What to produce — With pictures removed, output every record below exactly as written.

Collected data entries —
....

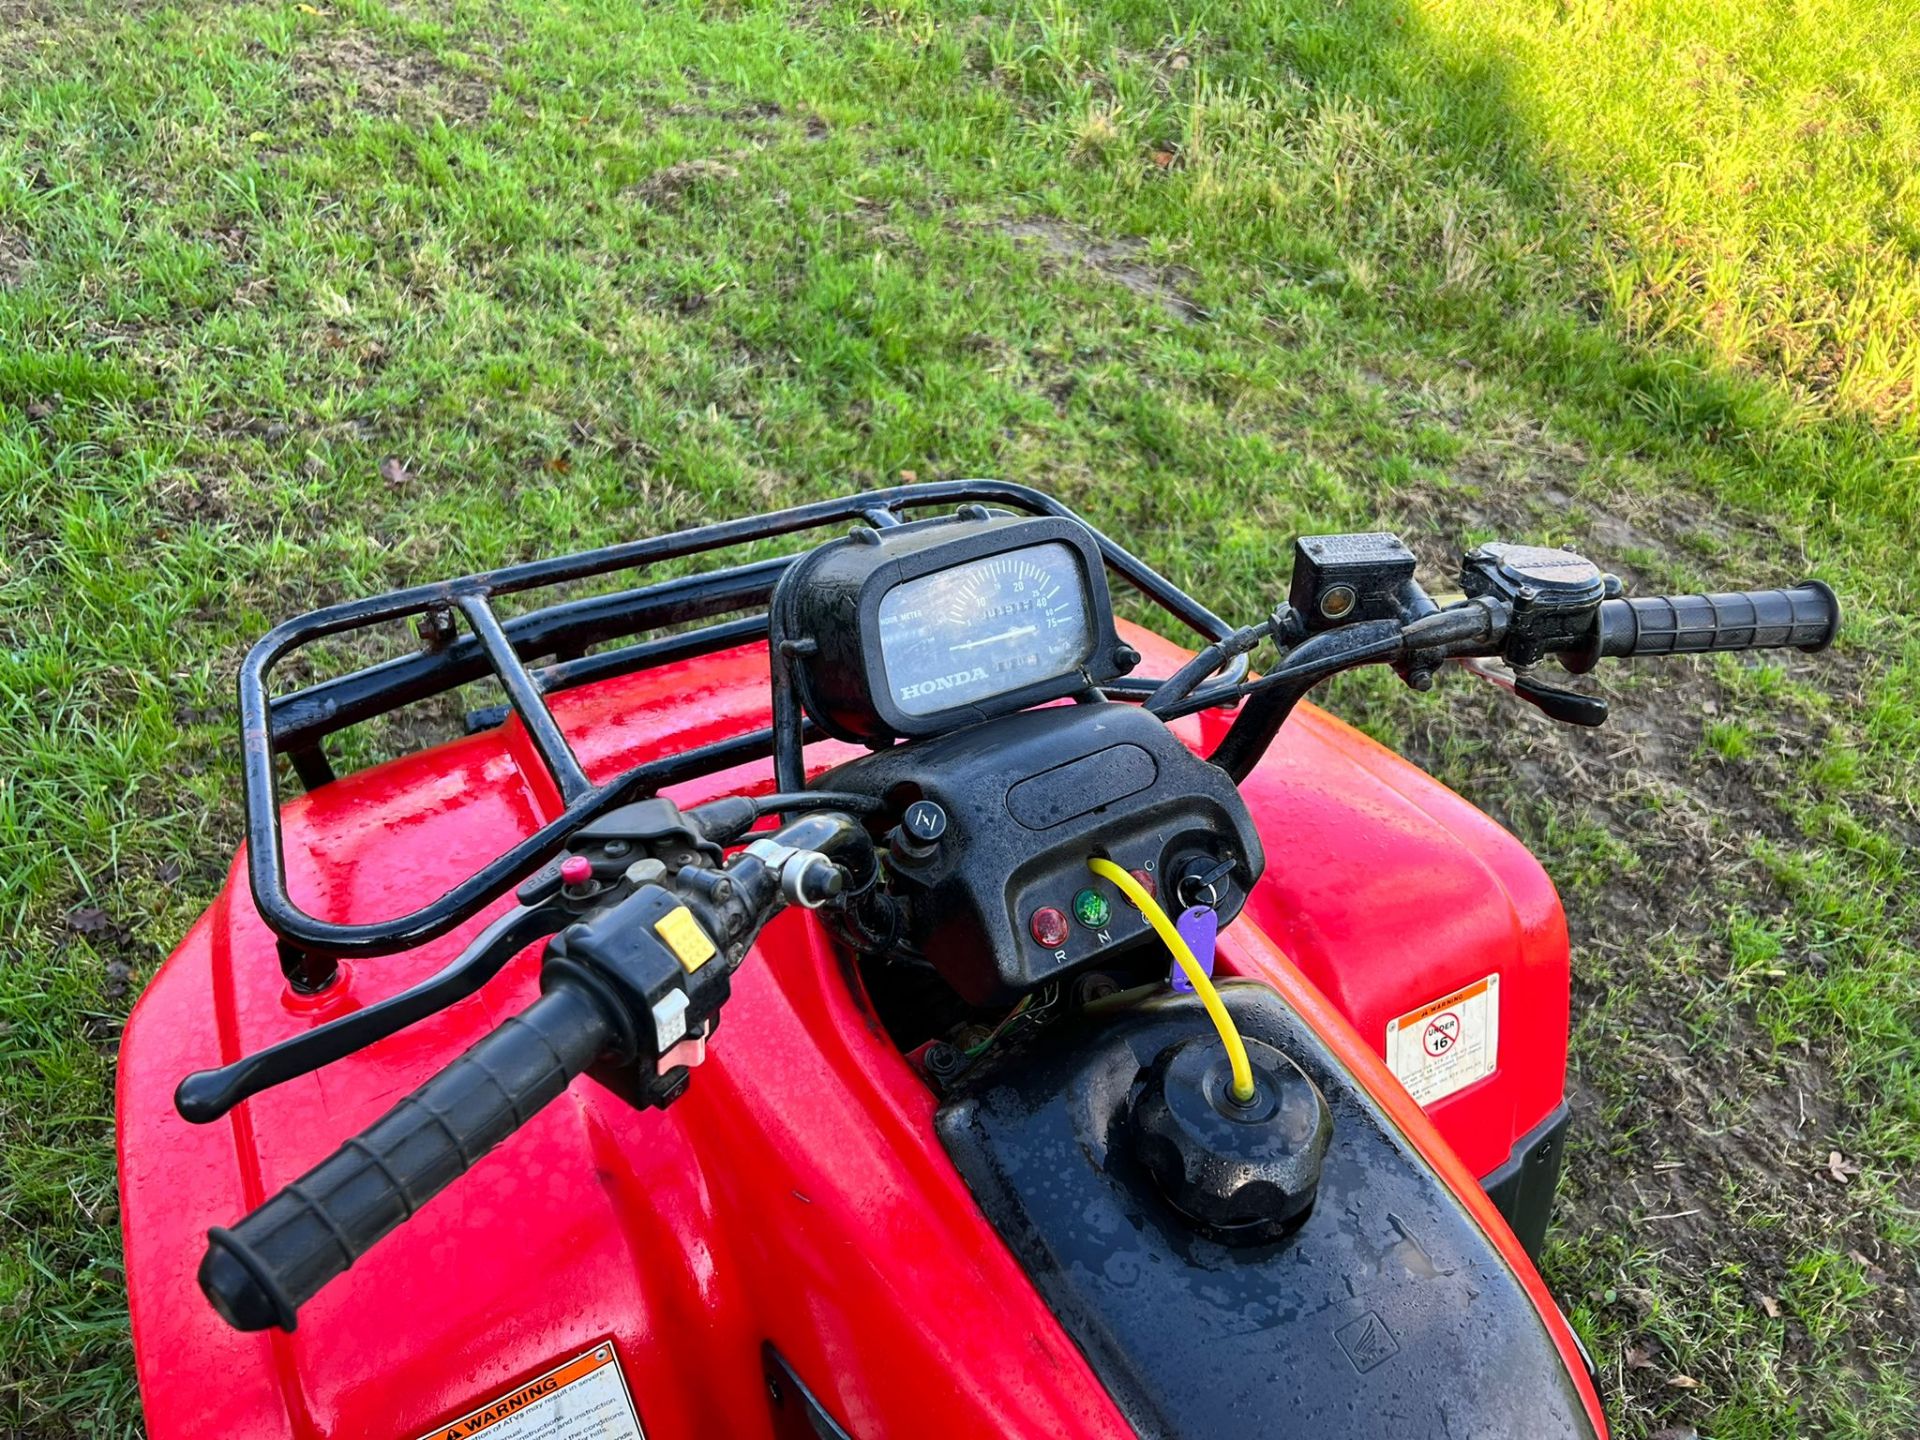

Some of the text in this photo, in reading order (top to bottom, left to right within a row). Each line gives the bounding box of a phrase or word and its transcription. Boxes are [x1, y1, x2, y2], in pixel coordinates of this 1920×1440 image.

[1013, 581, 1024, 592] 20
[976, 597, 986, 608] 10
[1036, 597, 1047, 608] 40
[1046, 617, 1057, 628] 75
[900, 667, 989, 700] HONDA
[1097, 929, 1112, 943] N
[1054, 949, 1067, 963] R
[1430, 994, 1463, 1011] WARNING
[1428, 1020, 1455, 1036] UNDER
[1433, 1036, 1448, 1050] 16
[464, 1378, 558, 1431] WARNING
[503, 1411, 524, 1426] ATVs
[525, 1402, 543, 1414] may
[544, 1388, 568, 1404] result
[568, 1384, 577, 1393] in
[578, 1369, 605, 1387] severe
[557, 1417, 573, 1430] and
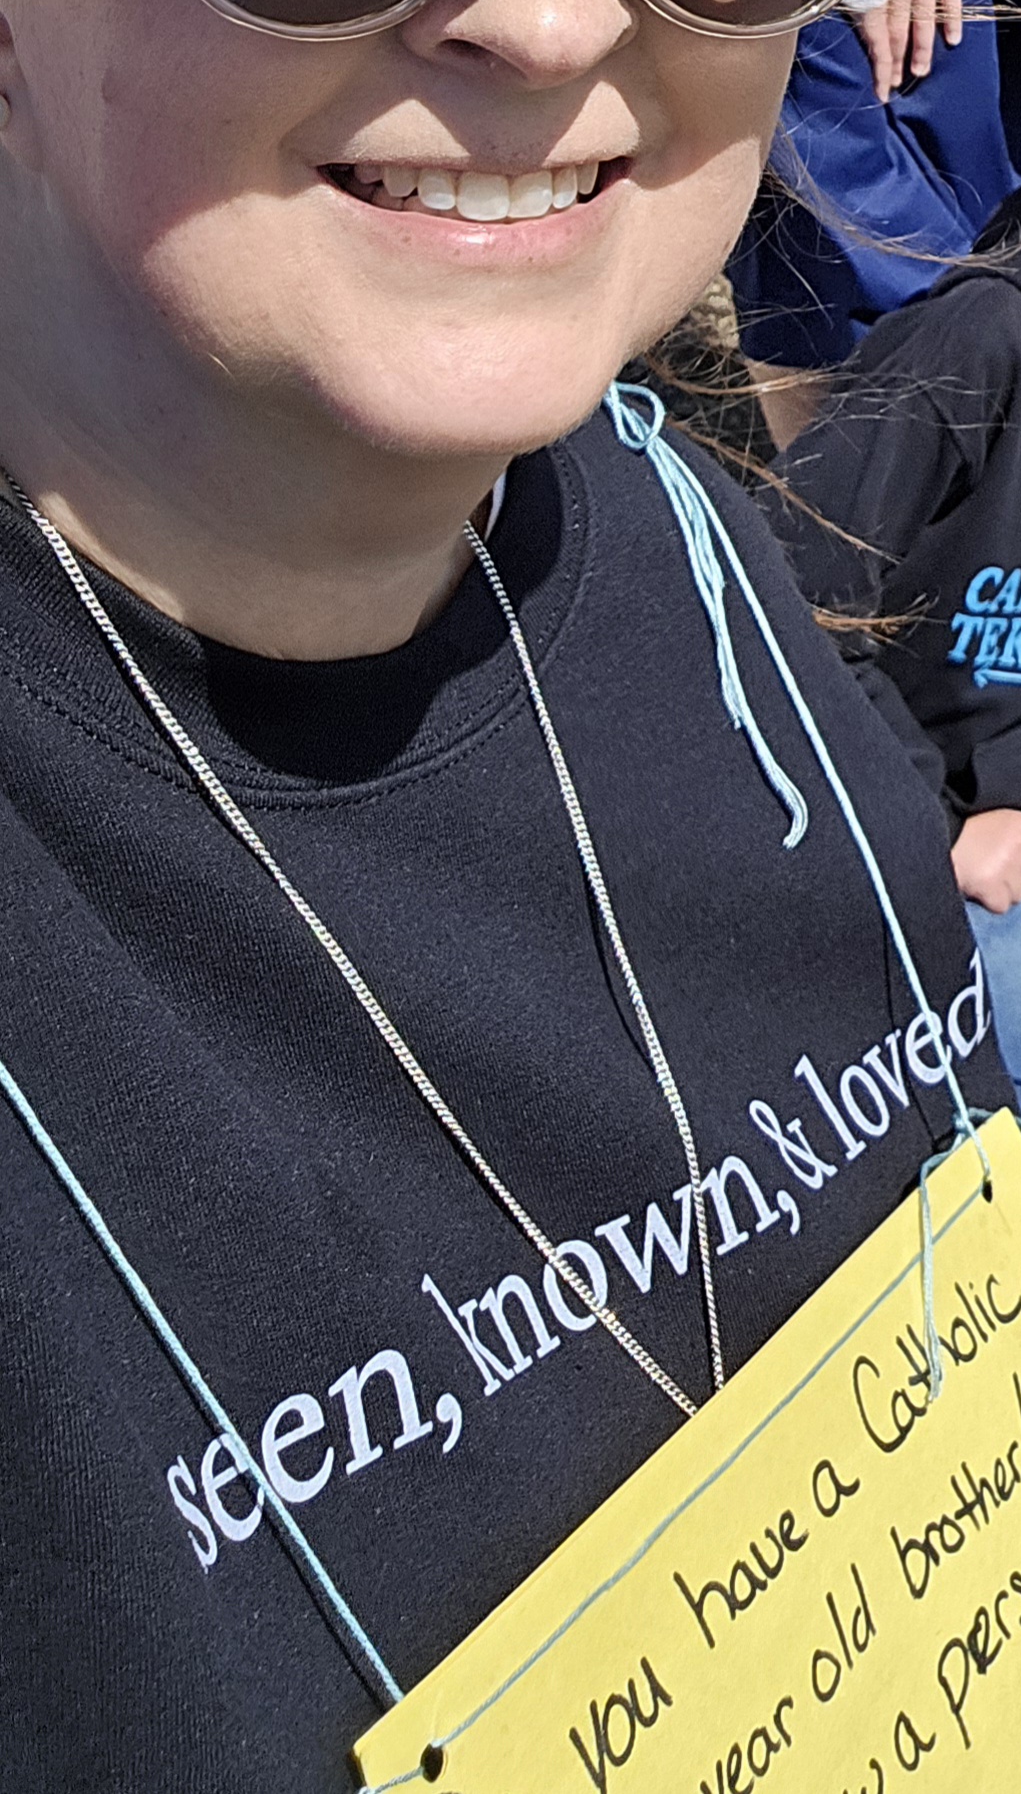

....

Completed task —
Some of the text in this photo, in reading order (top to bottom, left to right within a row). Each line gives the bounding box of a phrase or word and its transcription. Boxes are [x1, y1, x2, y2], in pixel coordinates of this 1920×1440 image.

[1013, 581, 1024, 592] 20
[976, 597, 986, 608] 10
[1036, 597, 1047, 608] 40
[1046, 617, 1057, 628] 75
[900, 667, 989, 700] HONDA
[1097, 929, 1112, 943] N
[1054, 949, 1067, 963] R
[1430, 994, 1463, 1011] WARNING
[1428, 1020, 1455, 1036] UNDER
[1433, 1036, 1448, 1050] 16
[464, 1378, 558, 1431] WARNING
[503, 1411, 524, 1426] ATVs
[525, 1402, 543, 1414] may
[544, 1388, 568, 1404] result
[568, 1384, 577, 1393] in
[578, 1369, 605, 1387] severe
[557, 1417, 573, 1430] and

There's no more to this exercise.